THE TASK
Repeat every line of the data exactly; the pictures stay out.

*** Opening DATA EXCERPTS ***

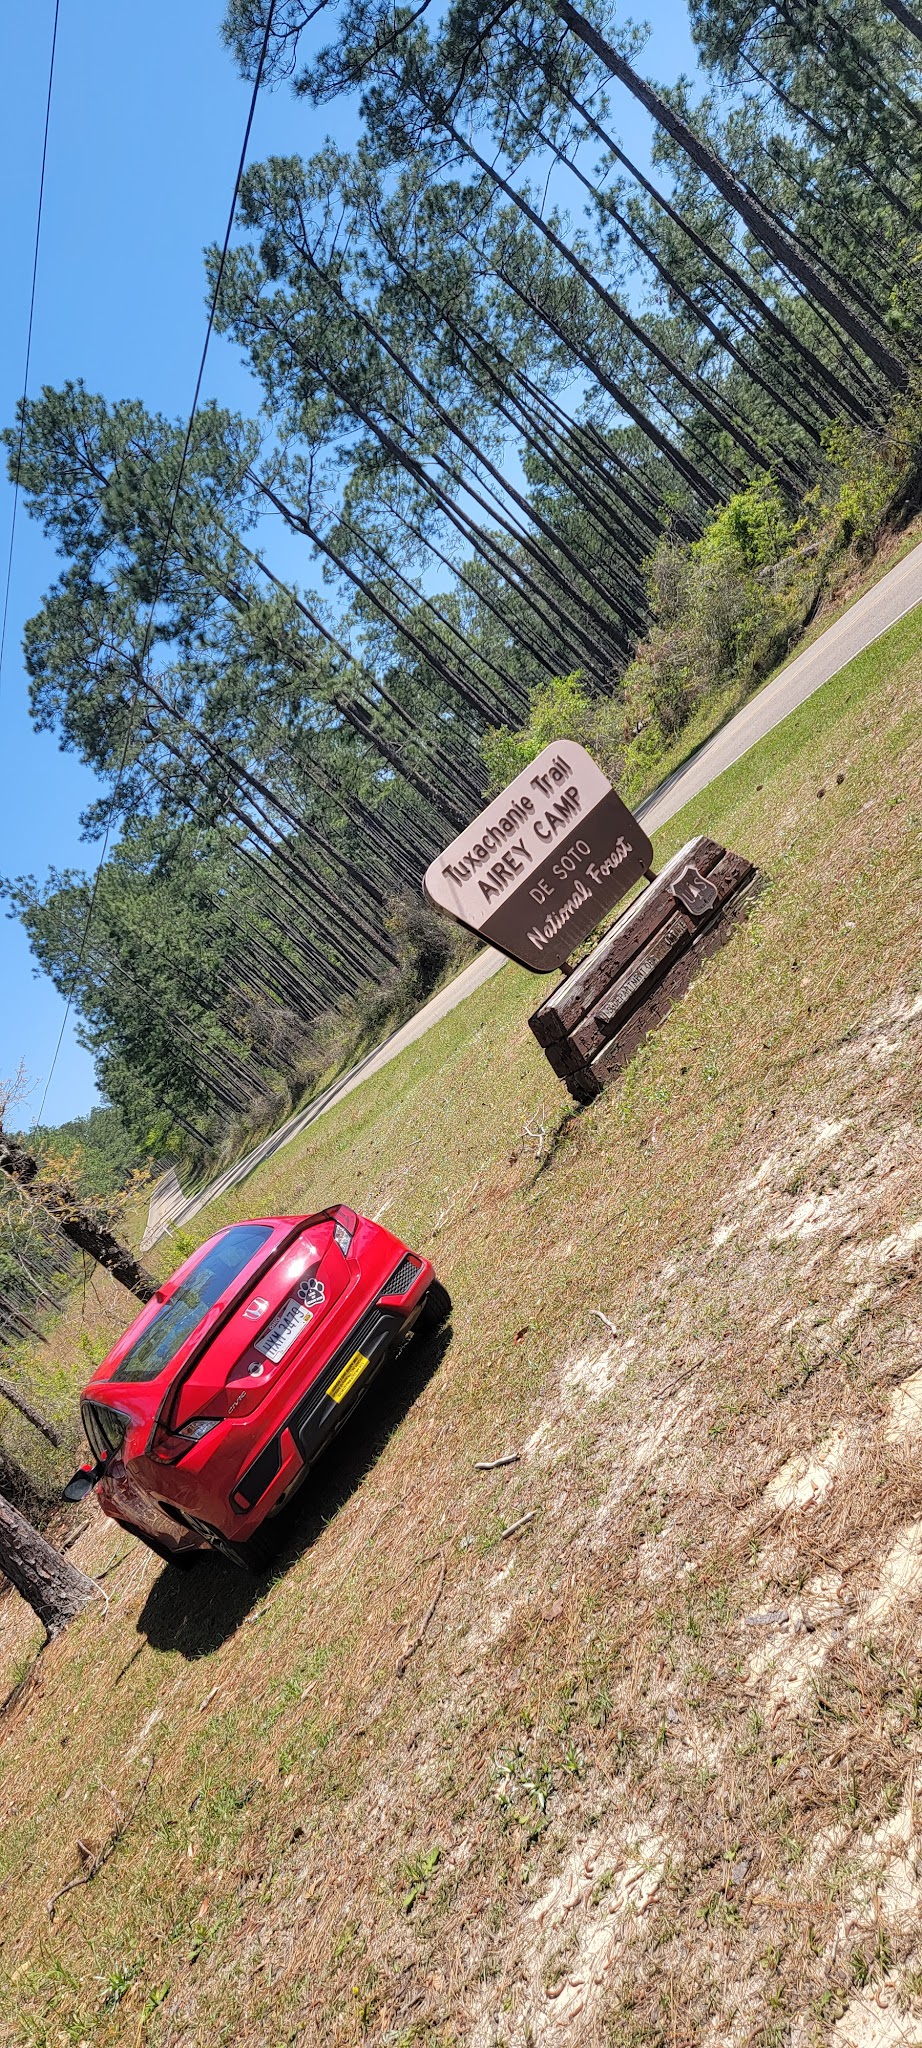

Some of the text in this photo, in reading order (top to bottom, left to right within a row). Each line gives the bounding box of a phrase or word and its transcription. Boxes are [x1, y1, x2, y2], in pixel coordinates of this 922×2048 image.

[441, 754, 573, 887] Tuxachanie Trail
[477, 785, 582, 905] AIREY CAMP
[526, 836, 633, 951] National Forest
[528, 839, 591, 905] DE SOTO
[262, 1306, 304, 1355] HXM 3479
[228, 1391, 247, 1414] CIVIC
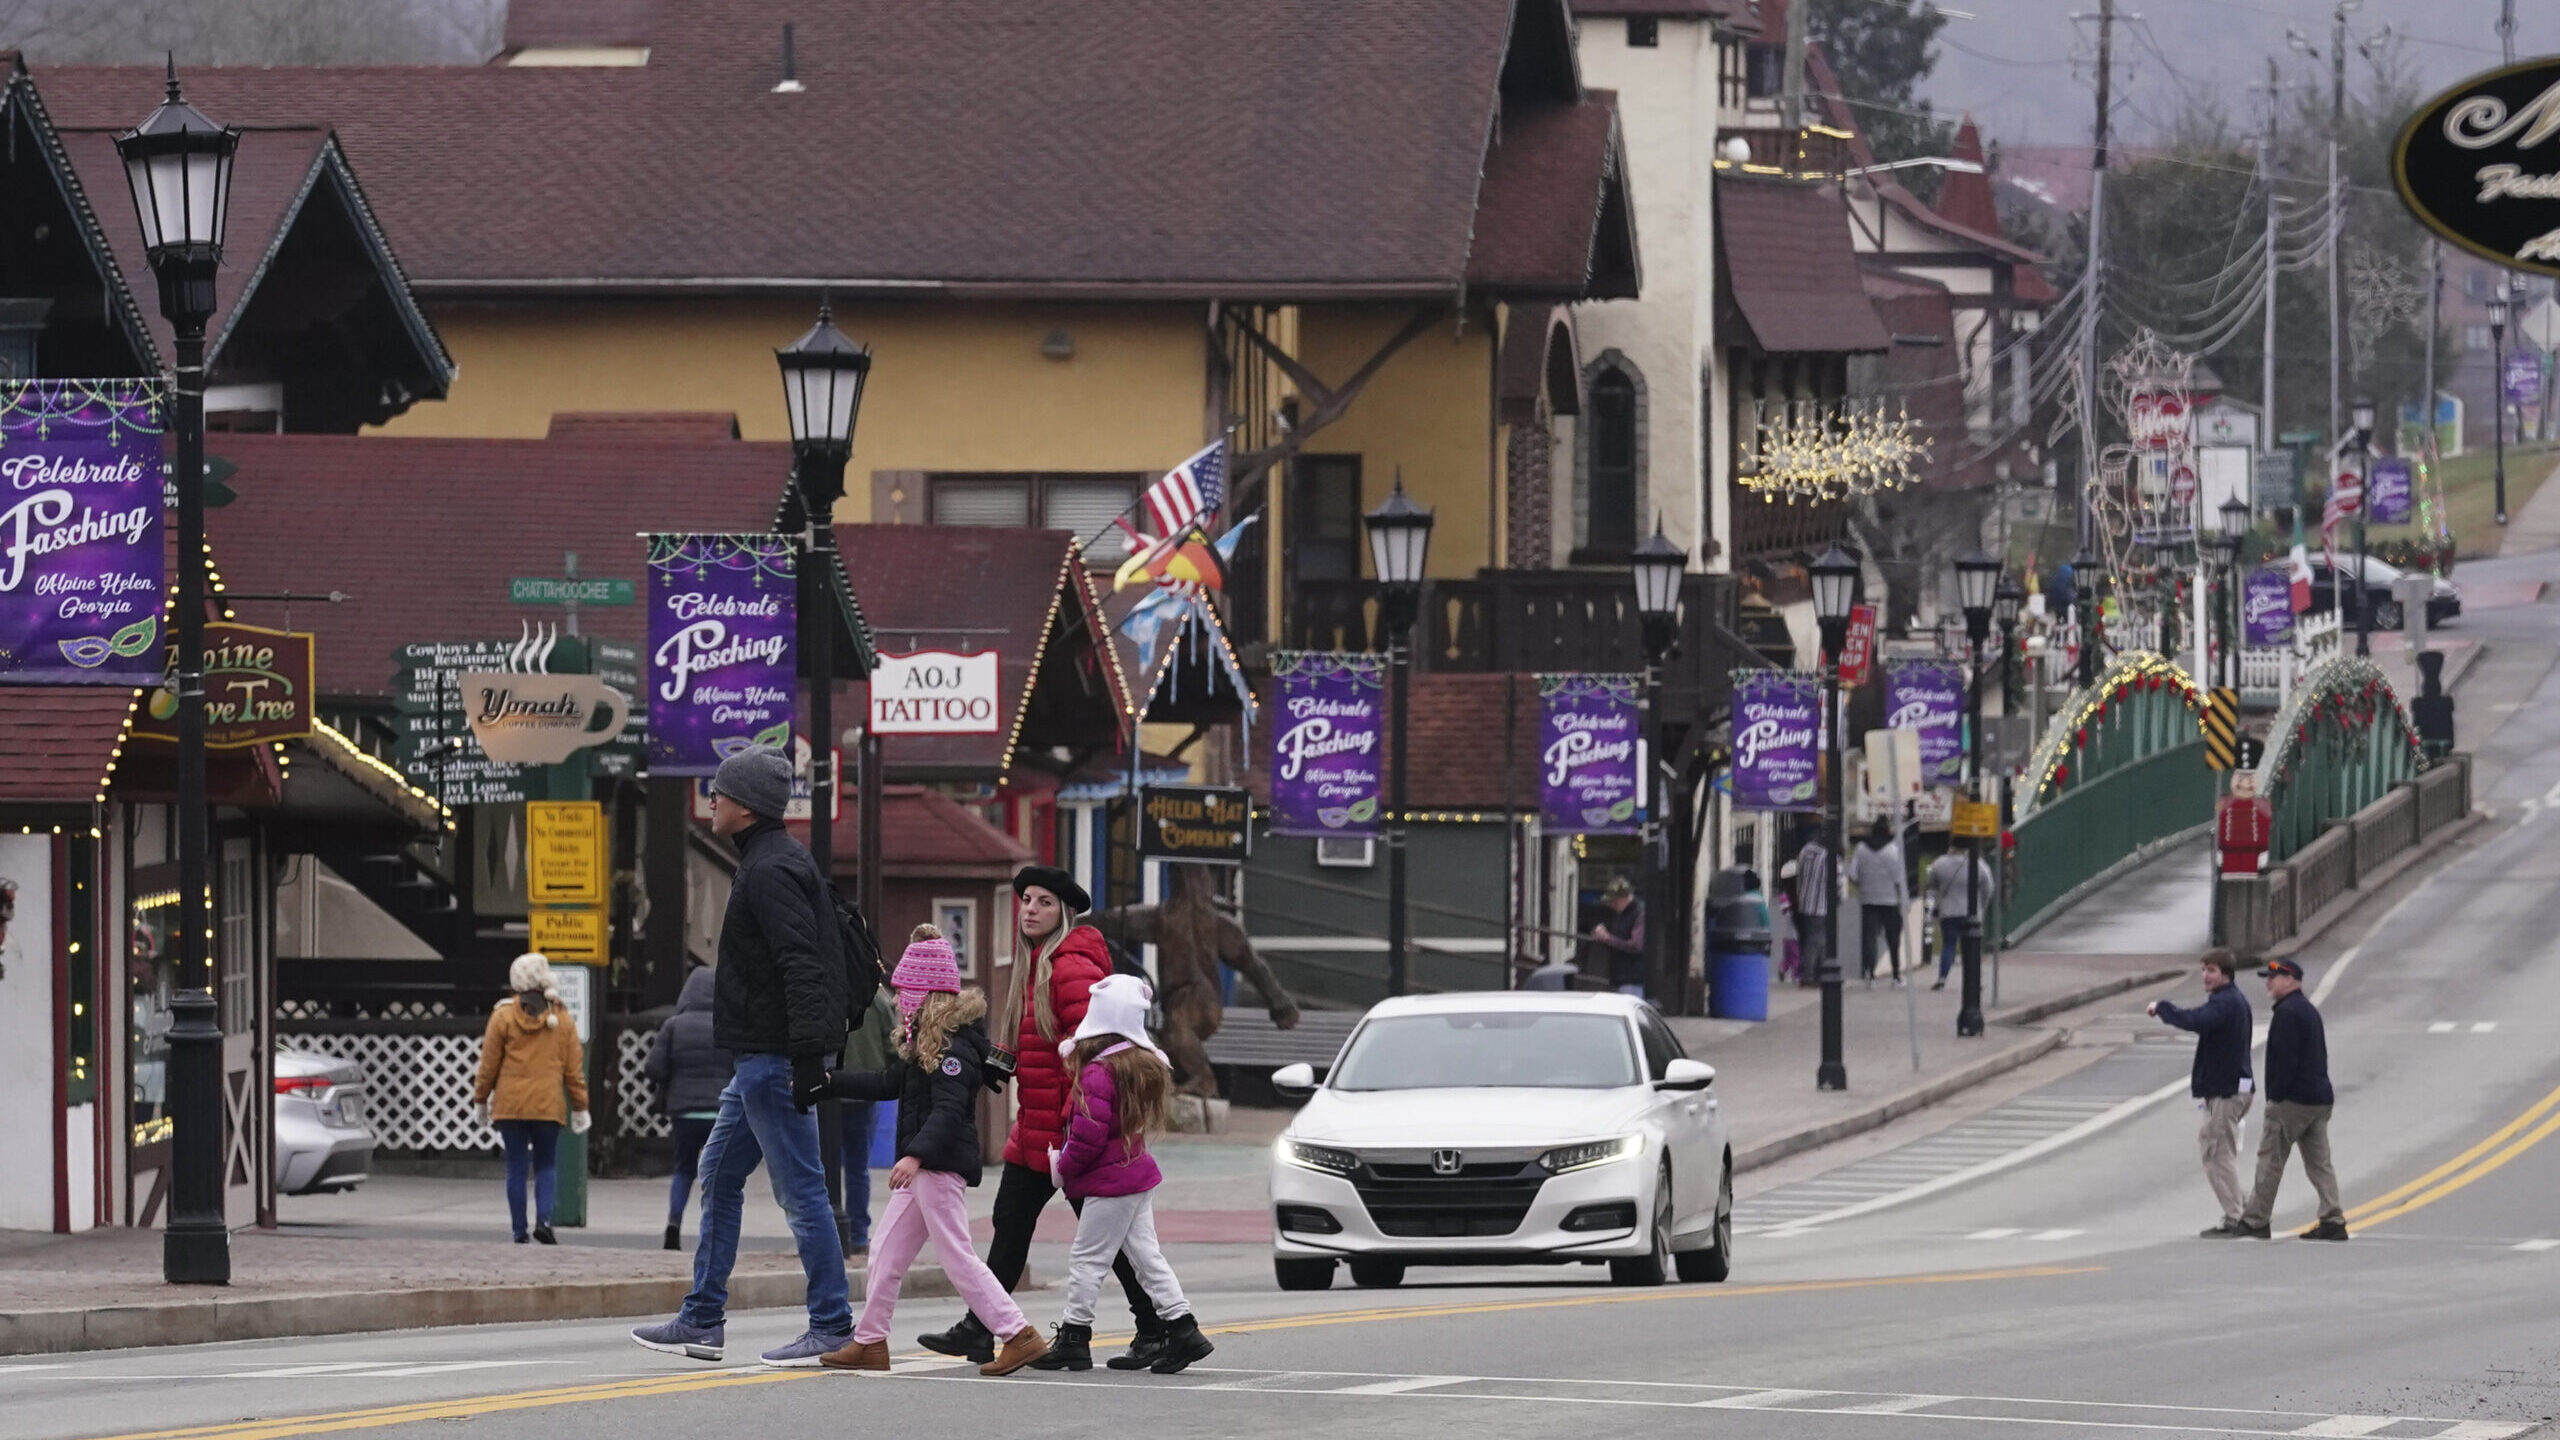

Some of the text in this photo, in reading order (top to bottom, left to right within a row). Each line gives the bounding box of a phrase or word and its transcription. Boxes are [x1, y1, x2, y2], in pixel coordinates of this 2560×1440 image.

*** Closing DATA EXCERPTS ***

OUTPUT FOR THIS TASK
Some of the text in this photo, in reading order (top to bottom, left to right within a row). Each line gives the bounding box of a phrase or word and its transcription. Boxes are [x1, y1, x2, y2], in pixel coordinates of this 922×2048 image.

[441, 754, 573, 887] Tuxachanie Trail
[477, 785, 582, 905] AIREY CAMP
[526, 836, 633, 951] National Forest
[528, 839, 591, 905] DE SOTO
[262, 1306, 304, 1355] HXM 3479
[228, 1391, 247, 1414] CIVIC

Some of the text in this photo, in reading order (top to bottom, left to right within a row). Each line gives the bounding box of a phrase or word and its transcription. Boxes are [x1, y1, x2, y2], in pixel coordinates of this 2560×1440 image.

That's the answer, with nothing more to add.